Setiap lima kali dalam seminggu, Jongin bertemu dengannya di stasiun. Mereka menanti kereta yang sama untuk berangkat ke sekolah. Jongin selalu naik lebih awal namun Kyungsoo selalu turun lebih dulu. Pemberhentian akhir mereka berjarak tiga stasiun.

Jongin menebak, Do Kyungsoo juga seorang siswa kelas tiga sama seperti dirinya. Dia pernah melihatnya membawa buku-buku tebal bimbingan belajar saat memasuki kereta. Sayangnya, mereka mengikuti bimbingan di tempat yang berbeda. Meskipun jadwalnya persis sama, mengharuskan sama-sama pulang jam sembilan malam.

Karena itulah, satu-satunya tempat di mana Jongin bisa bertemu dengan Kyungsoo adalah stasiun.

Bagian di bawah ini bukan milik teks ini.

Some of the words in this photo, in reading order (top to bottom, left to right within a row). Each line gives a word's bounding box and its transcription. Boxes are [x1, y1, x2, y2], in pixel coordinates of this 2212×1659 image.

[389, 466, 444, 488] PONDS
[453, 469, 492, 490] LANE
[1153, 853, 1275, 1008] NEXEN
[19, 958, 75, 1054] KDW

Lima kali dalam seminggu, pagi dan malam, Senin sampai Jumat.

Jongin melirik papan digital yang menampilkan interval waktu kedatangan kereta.

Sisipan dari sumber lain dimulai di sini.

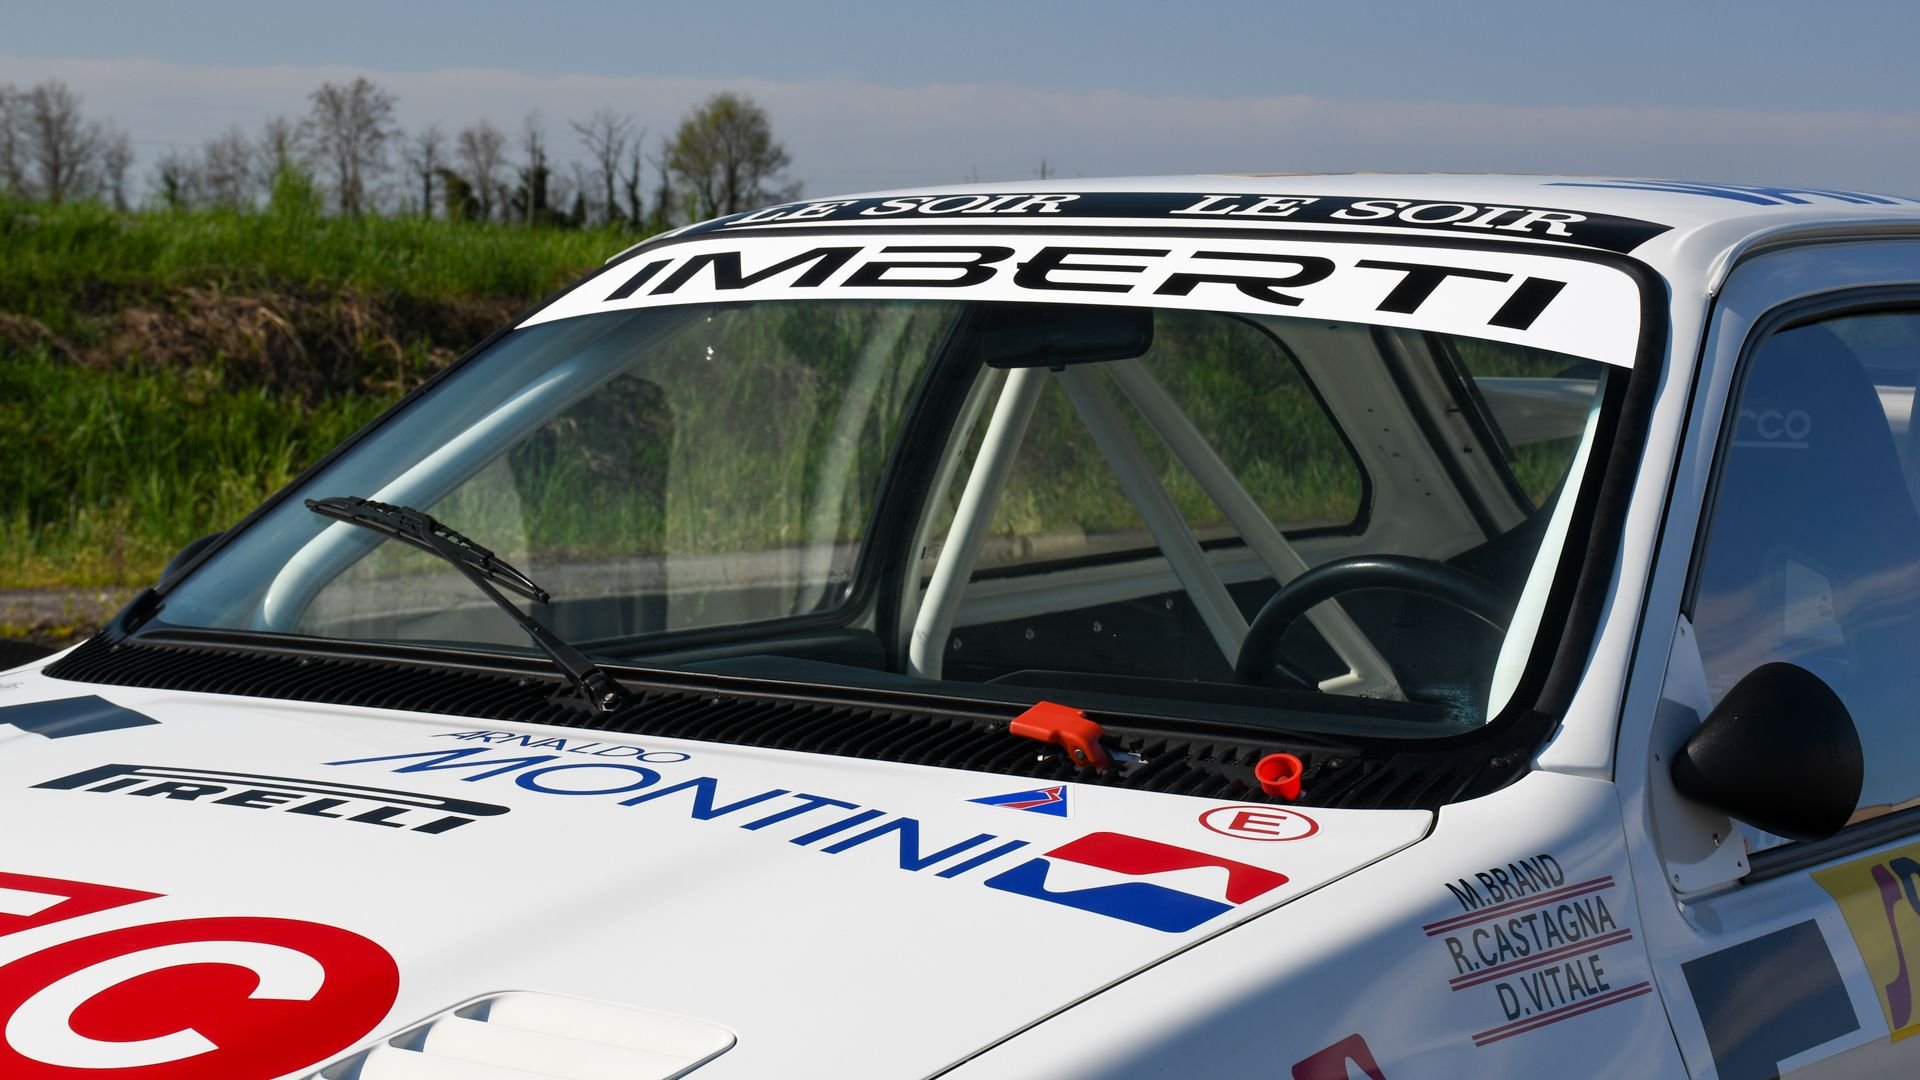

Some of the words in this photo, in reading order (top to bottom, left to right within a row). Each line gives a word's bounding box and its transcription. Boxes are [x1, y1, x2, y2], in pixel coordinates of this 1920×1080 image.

[859, 194, 1081, 215] SOIR
[1169, 194, 1321, 217] LE
[1330, 199, 1587, 237] SOIR
[602, 246, 1568, 331] IMBERTI
[431, 730, 691, 763] ARNALDO
[28, 764, 511, 834] PIRELLI
[321, 747, 1032, 879] MONTINI
[1228, 811, 1288, 836] E
[1445, 854, 1565, 911] M.BRAND
[1445, 895, 1617, 974] R.CASTAGNA
[1495, 954, 1610, 1021] D.VITALE

Enam puluh detik sebelum kereta memasuki peron.

Ia melirik ke arah Kyungsoo duduk. Kyungsoo yang tengah terlelap refleks terjaga ketika dirasa lantai tempatnya berpijak sedikit bergetar.

Pintu kereta terbuka. Kyungsoo segera bangkit untuk menghambur ke dalam.

Jongin mengikutinya dari belakang. Bukan, dia bukan penguntit. Dia memang harus naik kereta yang sama untuk pulang.

Jongin mencengkram besi pegangan saat tubuhnya sedikit terhentak.

Ia memang sengaja—dan selalu—memilih untuk berdiri agar lebih leluasa mengawasinya.

.

Perlahan, mata itu kembali meredup.

.

.

Kyungsoo kembali tertidur pulas.

.

.

.

.

Hari ini adalah hari terakhir pekan ujian semester. Rasa-rasanya kau bisa mendengar suara bahu berkeretek di mana-mana. Hiperbola—maksudku mereka akhirnya bisa merenggangkan otot-otot yang kaku setelah hampir dua minggu berkutat dengan soal-soal ujian.

Jongin menguap di kursinya. Setelah ujian yang melelahkan di sekolah, dia masih harus mengikuti bimbingan belajar. Ingin rasanya membolos, tapi Jongin tahu. Satu-satunya pihak yang akan dirugikan dari hal ini adalah dirinya sendiri.

Dia harus belajar keras agar bisa tembus ujian penerimaan mahasiswa baru.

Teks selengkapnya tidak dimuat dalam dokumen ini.